Hangers, weighing scale, wood kindling, wall clock, chopping board, small bench, kerosene lamp, a tray of flatware, crates, lunch box, folding chair, shears, cross, sling, bolo knife: they were deliberately chosen as bearers of the old life. The clock struck the hour when the family, as led by the grandmother, would pray the Angelus; the lunchbox was what the grandmother would prepare for her husband off to work; the plate and cutlery were used by the grandfather fallen by illness.

The grandmother (Lola) and the grandfather (Lolo): they are the metaphorical posts and beams that held the house together. They are the two significant people in the life of art-ists during those years. And they are here, remembered in portraits: the grandmother, healer and prayer leader, holding a cross, her feet in a green basin, her one eye peeking through white cloth; the grandfather, holding his arm on whose side the entire body is paralyzed. Seated figures, they are portrayed the way the artist remembered them: mar-ried to their vocations, in sickness and in health, until death parted them.

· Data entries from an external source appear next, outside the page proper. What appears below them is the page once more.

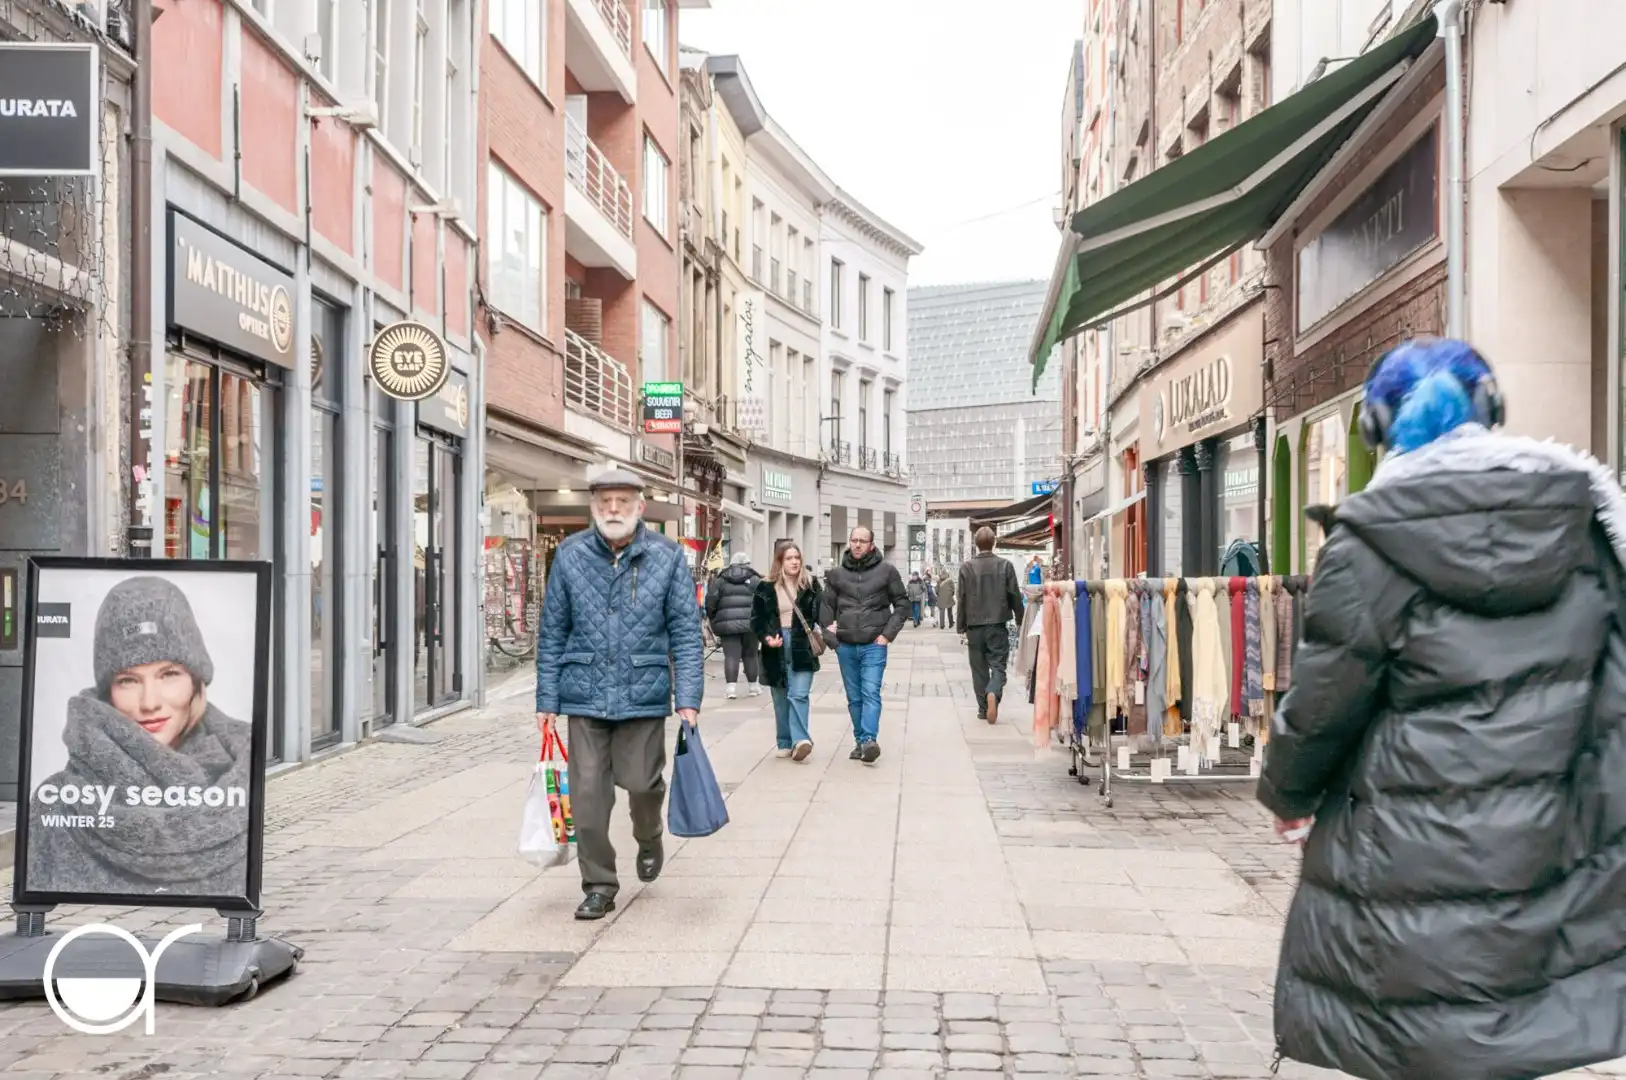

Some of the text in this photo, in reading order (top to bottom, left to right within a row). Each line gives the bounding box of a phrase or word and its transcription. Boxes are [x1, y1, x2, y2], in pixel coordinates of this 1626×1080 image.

[0, 98, 78, 117] URATA
[186, 245, 270, 316] MATTHIJS
[394, 350, 423, 364] EYE
[1169, 357, 1228, 427] LUXALAD
[646, 396, 681, 407] SOUVENIR
[654, 408, 673, 419] BEER
[38, 782, 246, 814] cosy season
[41, 815, 115, 829] WINTER 25

The house itself makes an appearance. Titled “400SQ,” the work bears the silhouette of a house. “I stayed within the four corners of our house in Caloocan where I built my dream,” he says. He didn’t initially know how that dream would take shape; he simply attended to the mundane concerns, living from day to day. Little did he know that fifteen years later, he would roam within the four corners of the canvas.

Curiously, the house is arranged like a jigsaw puzzle, displaying the objects that the artist would safeguard, as well as those that others would entrust and ask from him. Long lost or gone, they are here again—dentures, reading glasses, a blue boot—given a new life. In his early years, he was the keeper of things. In this exhibition, Lendl Arvin has become the keeper of remembrances of things past.